Drunk Hamlet. You evil little fucker.
Where could she shatter it? There were no cliffs between here and Whole Foods. There wasn’t even so much as a drainage ditch.
Memorial Park was out of the question. What if some little kid came by and cut herself on the broken glass?
Maybe I should bury it in the backyard.
Or hide it back down in the basement.
Emergency vodka.
Oh, Christ, not that idea again.
She’d gone the “emergency vodka” route at least half a dozen times. It never worked. It was too easy to declare an emergency.
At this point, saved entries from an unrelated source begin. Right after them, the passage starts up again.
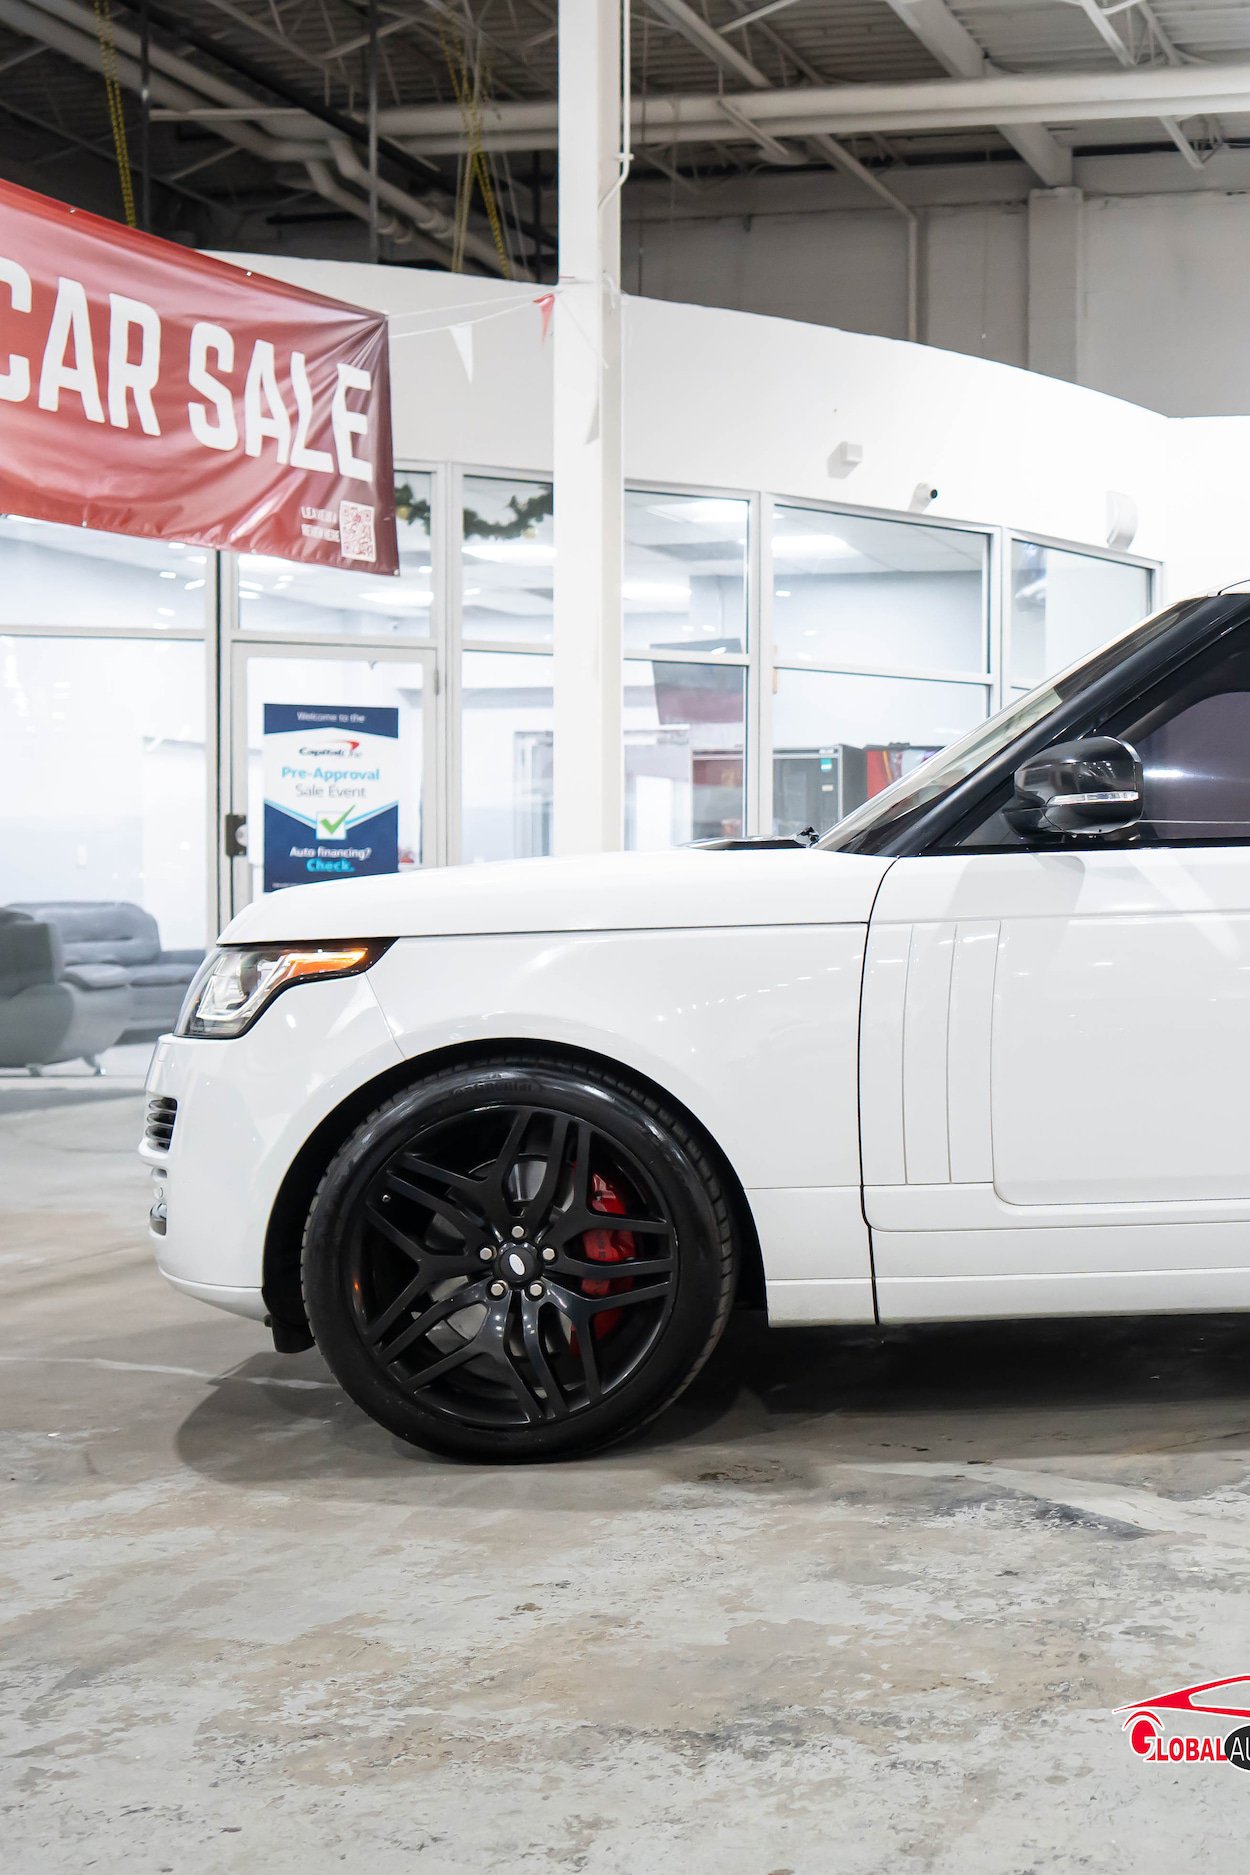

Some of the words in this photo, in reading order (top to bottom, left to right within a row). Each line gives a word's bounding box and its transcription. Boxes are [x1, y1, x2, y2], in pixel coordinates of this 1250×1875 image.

[0, 256, 161, 436] CAR
[188, 322, 373, 482] SALE
[297, 711, 337, 721] Welcome
[338, 713, 349, 723] to
[350, 713, 366, 723] the
[281, 767, 380, 783] Pre-Approval
[295, 784, 324, 798] Sale
[328, 785, 366, 798] Event
[289, 846, 315, 857] Auto
[317, 846, 372, 861] financing?
[306, 858, 355, 873] Check.
Get real, Jennifer. If you keep it around, you’ll drink it.
The thing was, though . . .
Was her last drink on earth really going to be a glass of Two Buck Chuck? That she only half remembered?
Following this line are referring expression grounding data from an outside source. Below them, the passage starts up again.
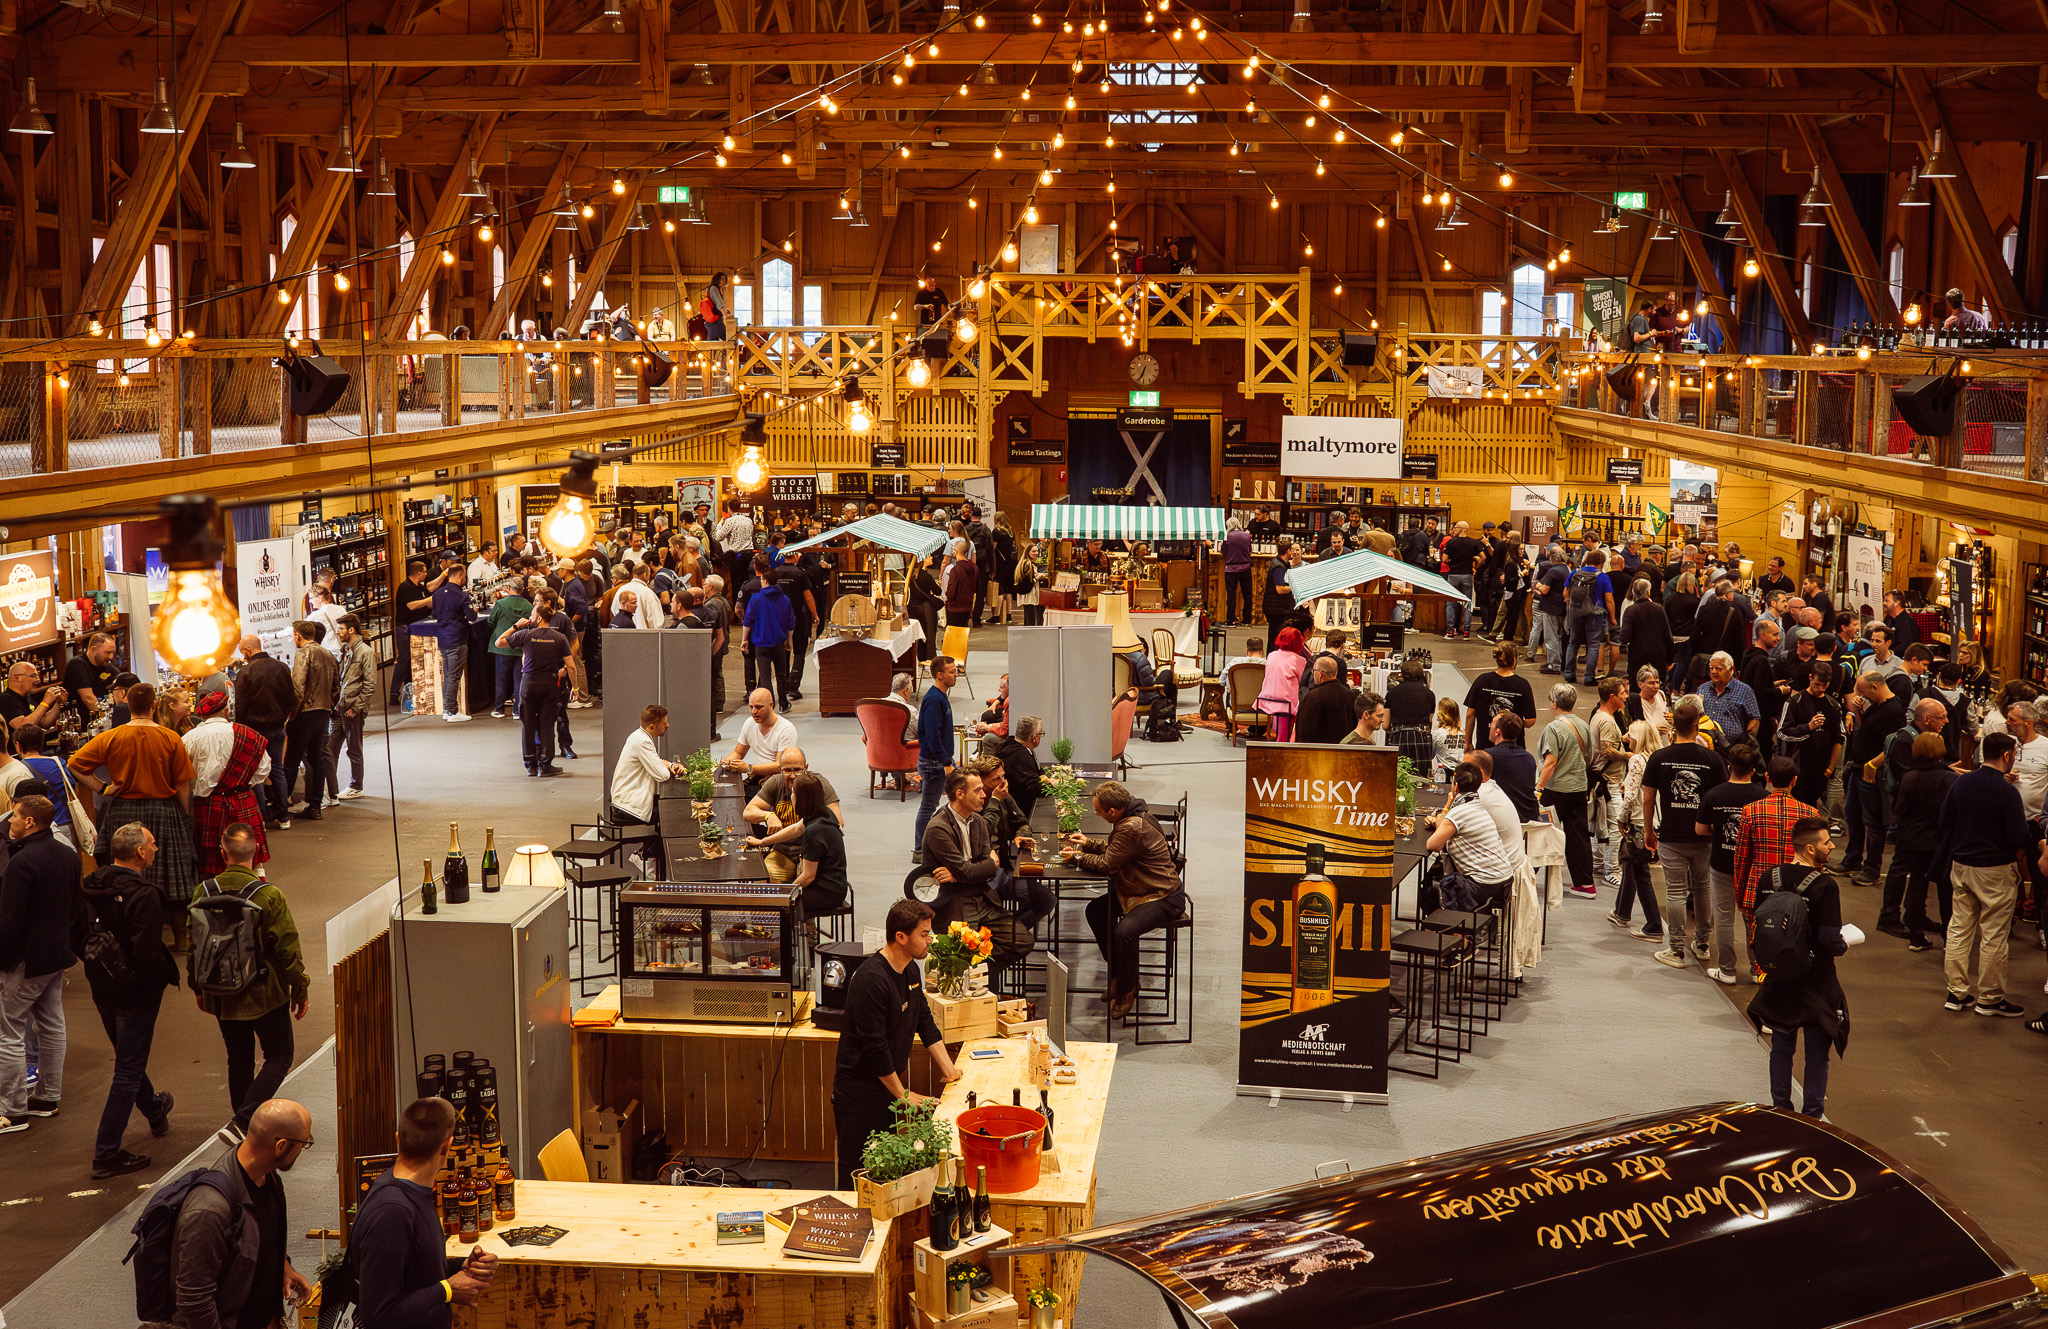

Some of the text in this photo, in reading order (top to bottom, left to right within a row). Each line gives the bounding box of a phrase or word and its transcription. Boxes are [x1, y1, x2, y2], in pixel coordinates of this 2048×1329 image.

[1602, 304, 1622, 320] OPEN
[1124, 417, 1166, 425] Garderobe
[1036, 449, 1062, 458] Tastings
[1286, 436, 1396, 458] maltymore
[1856, 560, 1876, 575] avril
[254, 574, 280, 589] WHISKY
[248, 598, 290, 614] ONLINE-SHOP
[1252, 778, 1363, 804] WHISKY
[1333, 804, 1389, 827] Time
[1300, 916, 1329, 925] BUSHMILLS
[1282, 1040, 1346, 1051] MEDIENBOTSCHAFT
[480, 1089, 496, 1097] EADIE
[1758, 1156, 1857, 1201] Die
[1423, 1156, 1673, 1222] der exquisiten
[1537, 1175, 1770, 1250] Chocolaterie
[806, 1234, 839, 1245] BURN
[811, 1226, 856, 1238] WHISKY
That just seemed pathetic. No ritual to it at all.
I’ll shop better if I take the edge off this hangover.
SHUT UP, JENNIFER.
You deserve this hangover.
It’s not about that, though.
It’s about the power of symbolic ritual to reinforce a change of habit.
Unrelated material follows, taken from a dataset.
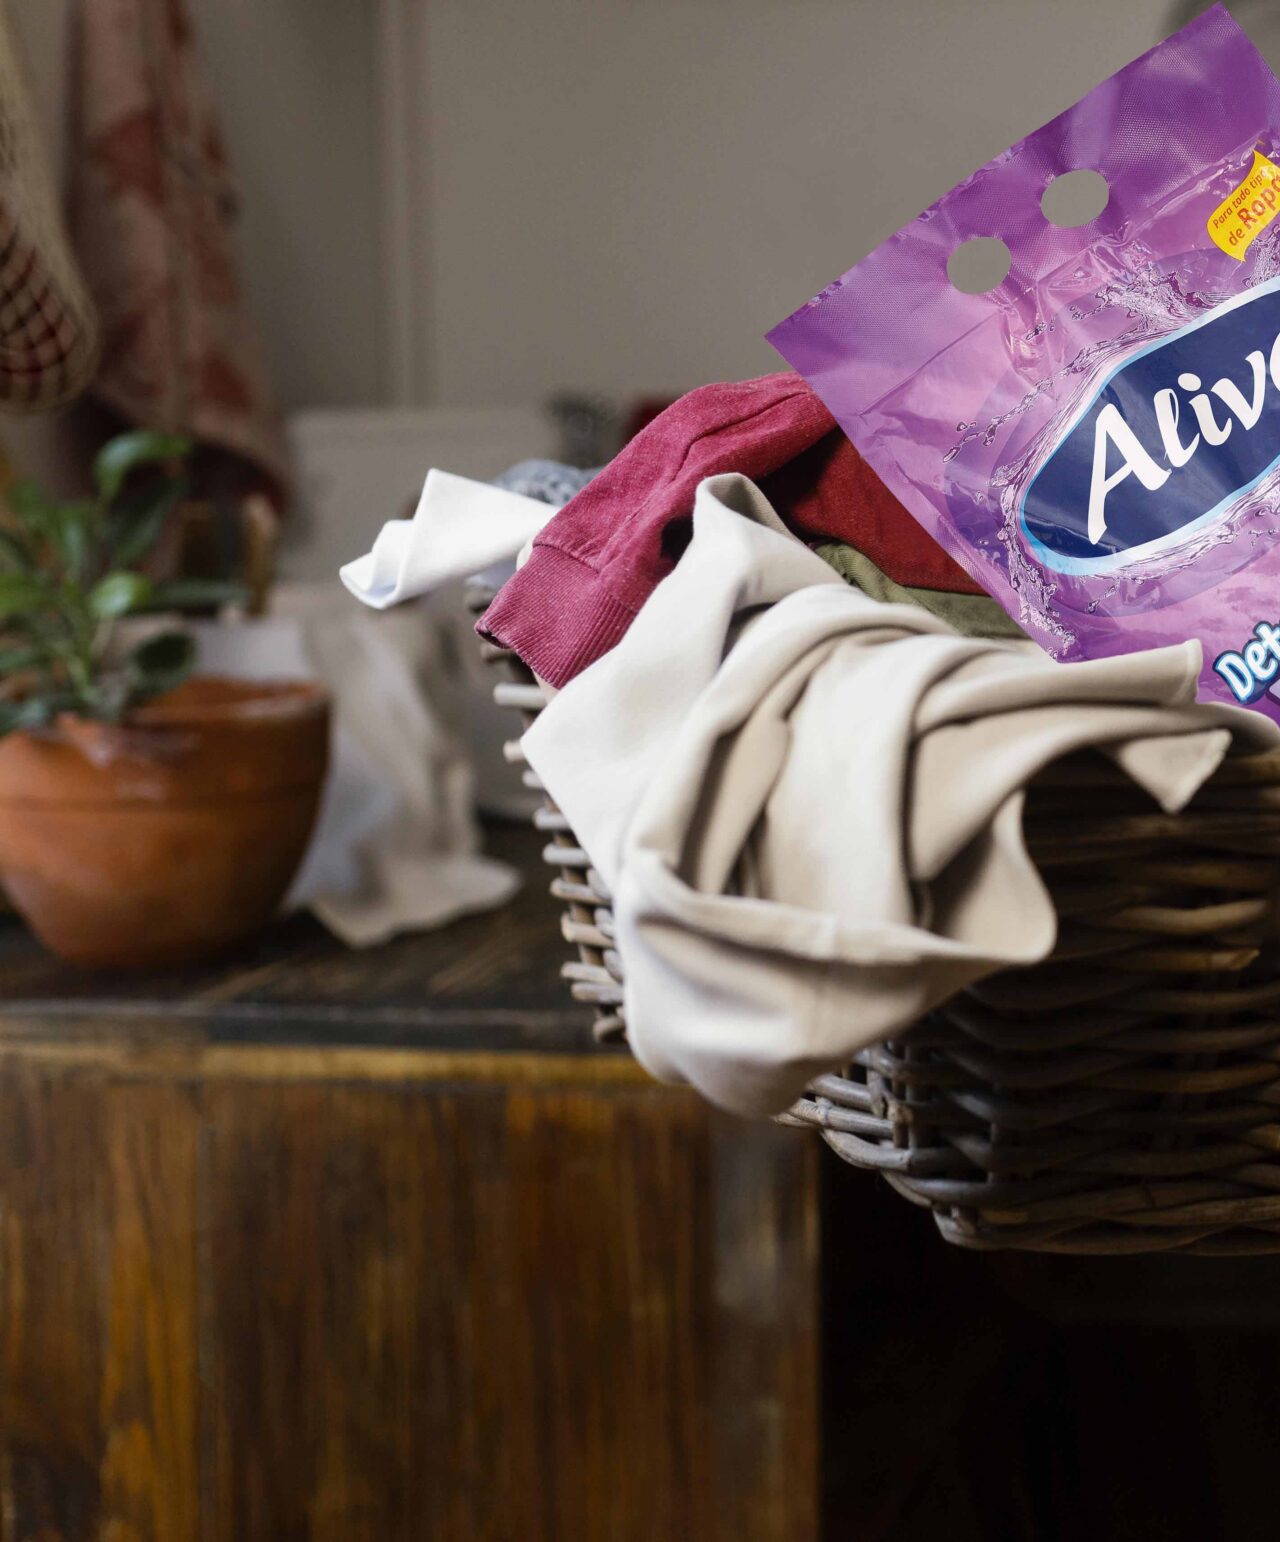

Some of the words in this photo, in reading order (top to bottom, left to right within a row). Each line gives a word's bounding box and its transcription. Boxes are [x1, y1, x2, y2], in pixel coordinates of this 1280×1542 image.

[1213, 208, 1233, 229] Para
[1232, 187, 1251, 208] todo
[1229, 227, 1245, 246] de
A clean break with the past.
A totem. A talisman. A symbolically meaningful goodbye.
Or am I just kidding myself?
Look, the power’s out, the car won’t start—the day’s already ruined.
SHUT UP!
This is ridiculous.
She stared at the bottle. The bottle stared back.
Ten minutes of internal monologue later, she was seated at the kitchen table, congratulating herself on the aesthetic perfection of Jennifer Riehl’s Last Drink Ever. It was a vodka on the rocks, poured into her finest highball glass from a gleaming personification of Death and perfectly chilled via the ideal ratio of vodka to ice.
So this is goodbye.
She raised it to her lips and took a long sip, savoring the familiar burn as it slid down her throat.
We had some good times. I’ll give you that.
It occurred to her that she should enumerate them. Forget the bad shit for a moment and focus on the good, back in the early days before it all went south.
This is a funeral. We don’t speak ill of the dead at a funeral.
Remember the first time?
Kelly’s lake house. Summer ’85. Three cans of Old Style, a bonfire, and Billy Shober’s tongue in her mouth.
Jen smiled to herself.
Goooood times.
There were others. So many others.
Michelle’s basement. Brad’s Camaro. Both proms. That whole summer after high school, working at the ice cream shop on Lake Michigan.
Rush week. The road trip to the Ohio State game.
Rum on spring break in the Bahamas.
Wine on her honeymoon in Santorini.
Bar nights at Wharton.
The Guinness she drank every night when she was breastfeeding Chloe. So good. And medically prescribed! The pediatrician had recommended dark beer while nursing.
Jen tipped the glass back, the half-melted ice cubes tumbling against her lips.
Shit, that wasn’t enough.
Just a tease, really.
She looked at the bottle. It was nearly full.
What if that was my . . . Second to Last Drink Ever?
Oh, for fuck’s sake.
Get up and get to the store!
She looked at the clock on the stove.
But there was no clock. The power was out.
She shook a couple ice cubes into her mouth and chewed them pensively.
Aesthetically speaking, Jen’s Absolutely Positively Last Drink Ever was a real disappointment. The ice cubes, transplanted from a defrosting freezer to a bowl that had been left for too long at room temperature, had lost all their potency. They floated atop the vodka like dead minnows, shrinking so fast that they barely clinked as Jen raised the glass to her lips.
Not only that, but Skully—as she’d recently christened him—was no longer gleaming. When Jen tried to poetically contemplate his visage, the eyes staring back at her were smudgy with her own fingerprints.
Somewhere along the way, the symbolic clarity of the moment had blurred into what was starting to feel like just another Tuesday.
I gotta get to the store.
Can’t drive like this, though.
Oh, right.
Can’t drive anyway. Gotta walk.
Shit, that’s a hike. Especially with groceries.
Did I eat breakfast? I should definitely—
The thought was interrupted by the click-creak-shwuuush of the front door opening.
FUCK—
Instantly, she was up and moving, her heart pounding from fear of exposure. She flung open the undersink cabinet and shoved the bottle inside, way in back, next to the Drano. The rest of the drink went down her throat. The highball glass went in the back of the dishwasher.
She slammed it shut and turned around as her husband entered the room.